For nonprofits, this means:
- Fully funding core programs that align with the mission.
- Eliminating programs that aren’t delivering impact.
- Saying no to funding that pulls the organization in the wrong direction.
One overlooked use of the budgeting process is course correction. If your nonprofit has drifted from its mission, budget season is the time to refocus.
A great nonprofit budget doesn’t just allocate resources—it reflects the strategic priorities of the organization.
Technology Matters, But It Won’t Make or Break You
Collins found that no company went from good to great solely because of technology—but great companies adopted the right technology at the right time.
For nonprofits, this is a reminder that:
- Staying up to date with technology is important.
- But technology alone won’t fix deeper organizational issues.
- The real differentiator is leadership, discipline, and execution.

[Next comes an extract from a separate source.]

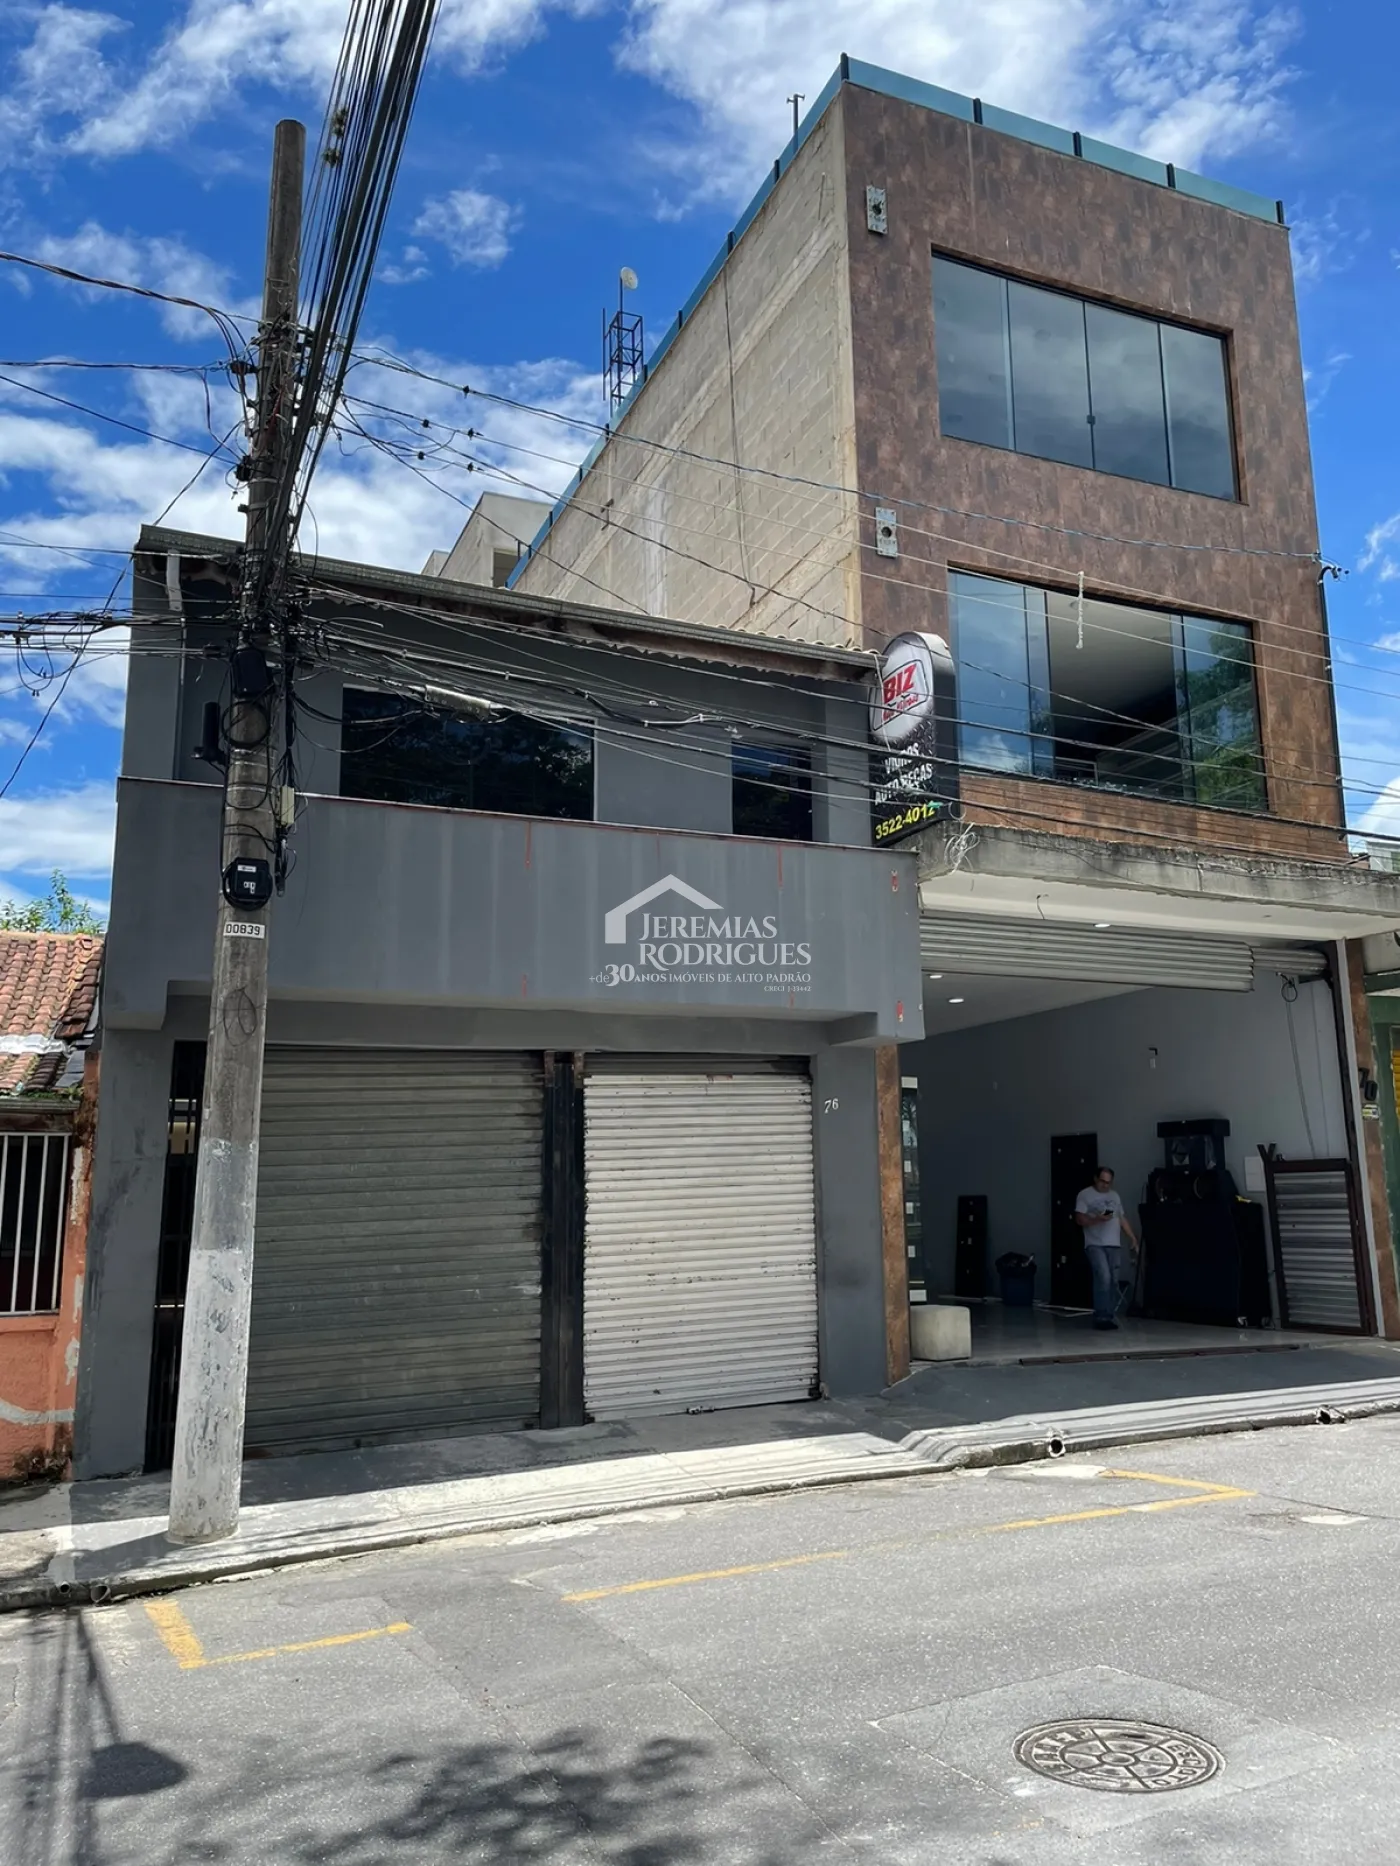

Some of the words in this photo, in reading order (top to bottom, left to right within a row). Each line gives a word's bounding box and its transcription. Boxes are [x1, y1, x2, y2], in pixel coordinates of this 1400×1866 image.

Instead of chasing every new software or tool, nonprofit leaders should ask:
- Will this help us improve efficiency or impact?
- Will it free up time to focus on our mission?
- Can we realistically sustain and integrate it?
If the answer is yes, adopt it. If not, don’t get distracted.
Good to Great in Nonprofits: The Takeaway
Collins’ research shows that great organizations aren’t built overnight—they are the result of disciplined leadership, the right team, strategic focus, and long-term commitment.
For nonprofit leaders like Sarah, the lessons are clear:
✅ Leadership matters. Develop strong internal successors.
✅ People matter. Get the right team in place.
✅ Transparency matters. Face challenges head-on.
✅ Focus matters. Do one thing exceptionally well.
✅ Discipline matters. Invest where it counts.
Nonprofits operate in an incredibly complex environment, but great leadership can turn challenges into opportunities. The organizations that succeed are the ones that commit to the long game and never stop improving.
The question for nonprofit leaders isn’t “How do we survive?”—it’s “How do we become great?”